[Extracted records]
==============================
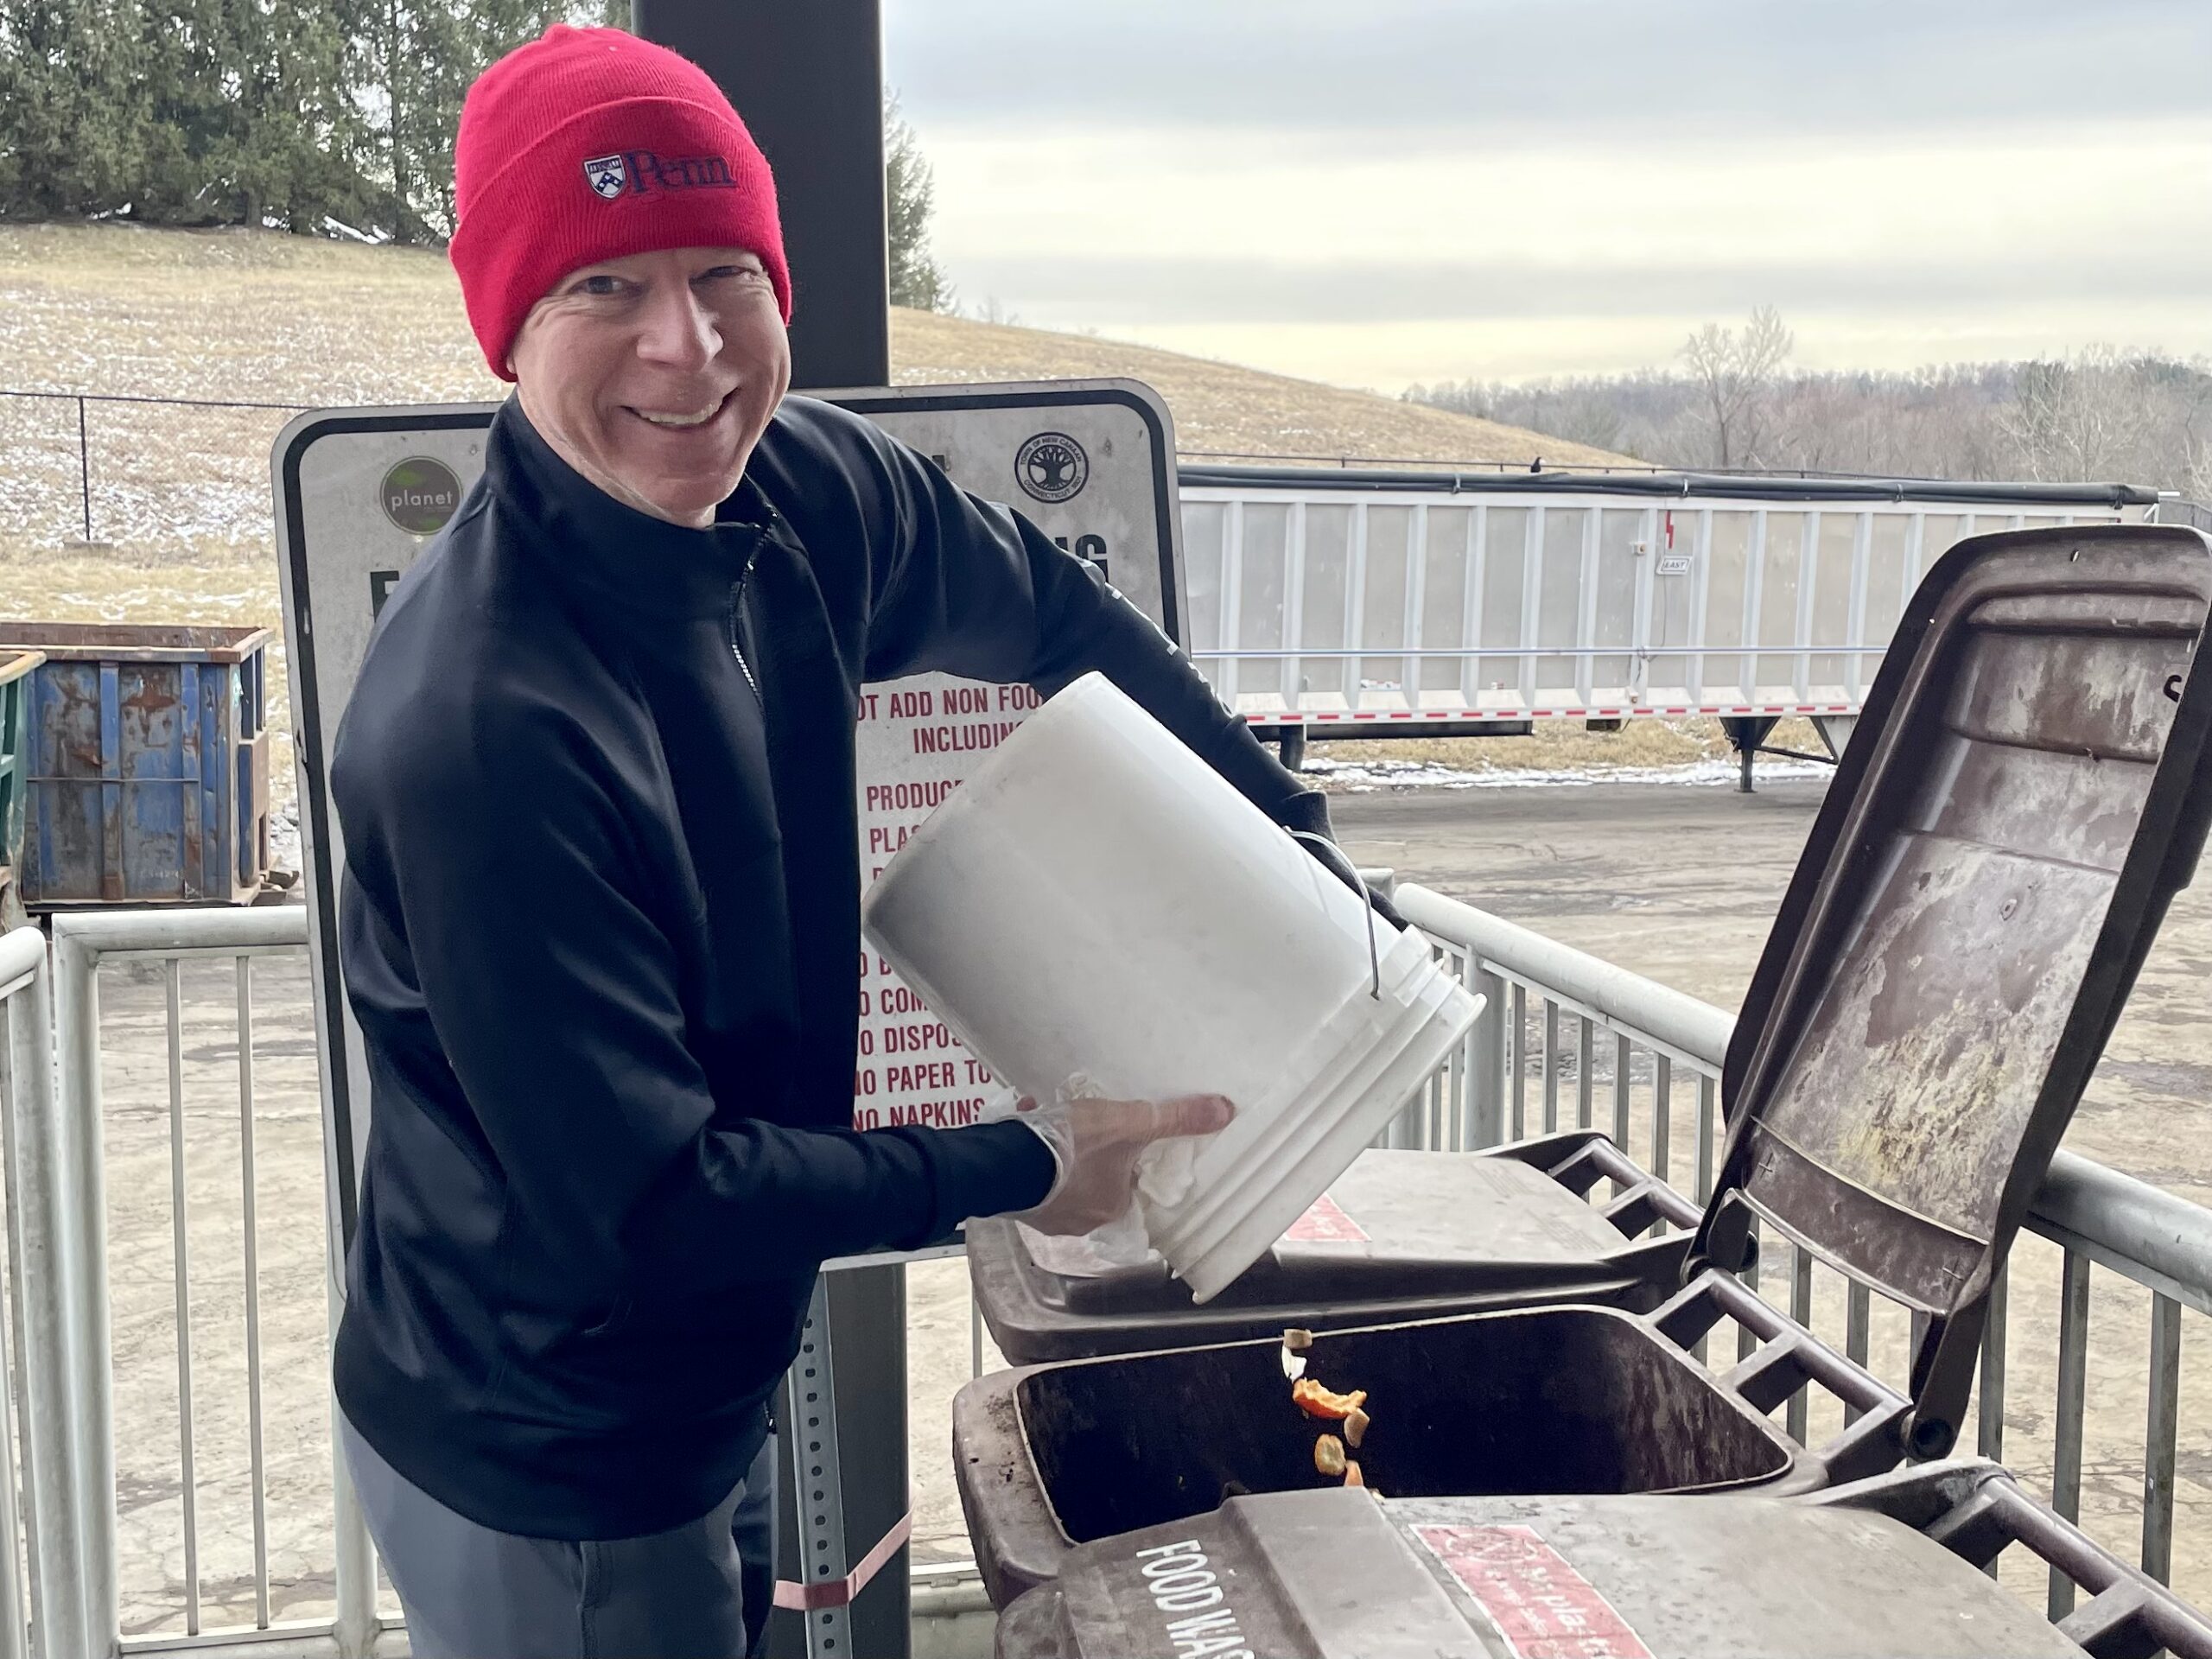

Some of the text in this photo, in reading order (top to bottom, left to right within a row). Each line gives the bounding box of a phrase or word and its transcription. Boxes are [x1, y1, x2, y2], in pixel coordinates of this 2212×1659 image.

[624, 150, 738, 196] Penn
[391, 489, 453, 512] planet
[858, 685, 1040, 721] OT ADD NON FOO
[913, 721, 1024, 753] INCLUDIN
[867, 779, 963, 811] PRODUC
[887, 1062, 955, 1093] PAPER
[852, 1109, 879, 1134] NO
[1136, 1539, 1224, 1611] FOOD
==============================
*What needs to be done*
Above are records with pictures; repeat them exactly, but without the pictures.

*Reply to the exercise*
Some of the text in this photo, in reading order (top to bottom, left to right within a row). Each line gives the bounding box of a phrase or word and its transcription. Boxes are [x1, y1, x2, y2], in pixel coordinates of this 2212×1659 image.

[624, 150, 738, 196] Penn
[391, 489, 453, 512] planet
[858, 685, 1040, 721] OT ADD NON FOO
[913, 721, 1024, 753] INCLUDIN
[867, 779, 963, 811] PRODUC
[887, 1062, 955, 1093] PAPER
[852, 1109, 879, 1134] NO
[1136, 1539, 1224, 1611] FOOD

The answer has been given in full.